Curtis Taylor, Parnngurr, 2009:
Home is like your house, but home to us is like our Country ... we’ll always come back to that tribal Country; where old people used to walk around and used to hunt ... That’s what we believe. When we die, we become one with the Country. Our spirit goes back.
Ngurra, which means both 'Country' and 'home' in Western Desert languages, is integral to understanding the culture and values of desert people. It can refer to a bush shelter, to vast tracts of land, or even to a modern house in a community.
In the desert, however, Ngurra is usually defined through reference to important water sites. Springs (jila, yinta), rock holes (wanirri) and soaks (jurnu, jumu) sustained Aboriginal people as they travelled across their Country, hunting and gathering, visiting family and fulfilling ceremonial obligations.

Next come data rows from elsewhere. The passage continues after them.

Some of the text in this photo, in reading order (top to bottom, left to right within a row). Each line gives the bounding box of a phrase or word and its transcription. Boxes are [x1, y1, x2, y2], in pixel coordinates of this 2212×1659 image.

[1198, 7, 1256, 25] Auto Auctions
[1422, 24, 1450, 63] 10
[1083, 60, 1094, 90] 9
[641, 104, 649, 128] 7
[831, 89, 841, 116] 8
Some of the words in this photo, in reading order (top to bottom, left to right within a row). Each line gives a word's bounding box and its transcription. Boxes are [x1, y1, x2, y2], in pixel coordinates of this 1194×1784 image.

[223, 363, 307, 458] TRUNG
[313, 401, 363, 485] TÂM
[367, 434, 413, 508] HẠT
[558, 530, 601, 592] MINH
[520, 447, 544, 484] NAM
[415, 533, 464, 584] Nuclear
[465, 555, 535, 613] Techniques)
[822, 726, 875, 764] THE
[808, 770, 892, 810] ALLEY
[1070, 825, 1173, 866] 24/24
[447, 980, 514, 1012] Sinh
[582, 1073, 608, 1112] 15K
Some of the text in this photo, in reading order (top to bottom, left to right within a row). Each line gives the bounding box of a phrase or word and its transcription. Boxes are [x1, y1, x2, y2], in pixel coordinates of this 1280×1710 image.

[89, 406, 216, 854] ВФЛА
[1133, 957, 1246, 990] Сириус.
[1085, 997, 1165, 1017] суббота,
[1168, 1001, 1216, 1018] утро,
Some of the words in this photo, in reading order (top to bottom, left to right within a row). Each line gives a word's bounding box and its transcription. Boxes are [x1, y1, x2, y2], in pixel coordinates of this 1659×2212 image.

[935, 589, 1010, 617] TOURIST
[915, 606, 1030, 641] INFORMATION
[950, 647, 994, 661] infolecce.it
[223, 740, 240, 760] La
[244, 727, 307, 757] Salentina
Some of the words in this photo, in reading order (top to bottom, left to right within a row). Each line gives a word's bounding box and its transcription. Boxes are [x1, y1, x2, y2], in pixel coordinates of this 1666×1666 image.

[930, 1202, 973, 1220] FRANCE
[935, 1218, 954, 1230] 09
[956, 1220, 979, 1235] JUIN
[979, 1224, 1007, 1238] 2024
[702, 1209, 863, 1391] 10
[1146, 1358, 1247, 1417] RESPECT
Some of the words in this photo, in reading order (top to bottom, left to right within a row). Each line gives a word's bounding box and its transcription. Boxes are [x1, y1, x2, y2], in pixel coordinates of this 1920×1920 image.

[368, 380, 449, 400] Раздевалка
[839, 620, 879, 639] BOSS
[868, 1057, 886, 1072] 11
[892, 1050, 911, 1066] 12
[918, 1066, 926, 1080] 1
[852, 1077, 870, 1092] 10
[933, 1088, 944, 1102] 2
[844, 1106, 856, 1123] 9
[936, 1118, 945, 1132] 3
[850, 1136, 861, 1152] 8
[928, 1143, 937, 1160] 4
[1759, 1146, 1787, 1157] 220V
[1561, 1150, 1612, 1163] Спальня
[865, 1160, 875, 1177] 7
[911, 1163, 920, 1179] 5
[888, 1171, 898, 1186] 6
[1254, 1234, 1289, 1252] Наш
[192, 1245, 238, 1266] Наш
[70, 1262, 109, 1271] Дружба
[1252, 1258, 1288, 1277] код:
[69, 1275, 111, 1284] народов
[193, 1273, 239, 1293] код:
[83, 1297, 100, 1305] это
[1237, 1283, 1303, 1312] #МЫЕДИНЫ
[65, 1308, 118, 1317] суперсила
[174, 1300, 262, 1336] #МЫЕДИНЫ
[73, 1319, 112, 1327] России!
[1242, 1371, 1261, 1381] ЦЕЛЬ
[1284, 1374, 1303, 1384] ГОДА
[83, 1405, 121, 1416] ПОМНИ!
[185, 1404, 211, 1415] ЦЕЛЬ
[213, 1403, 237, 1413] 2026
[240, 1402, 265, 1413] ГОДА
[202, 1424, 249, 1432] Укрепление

Country also defines people's identities. Before desert people are born, their spirits exist in the form of an animal, a plant, an ancestral being or a natural phenomenon. During pregnancy, parents encounter the spirit, or jarriny, of their child, and at birth the place where this encounter occurred is identified as the child's Country.
People also describe the places where they were born or grew up, or that they inherit from their parents and grandparents, as 'my Country'. Each of these connections to Country entails specific rights and responsibilities, both cultural and ceremonial, for the management of Ngurra.
Today, painting Country has become a part of this enduring process.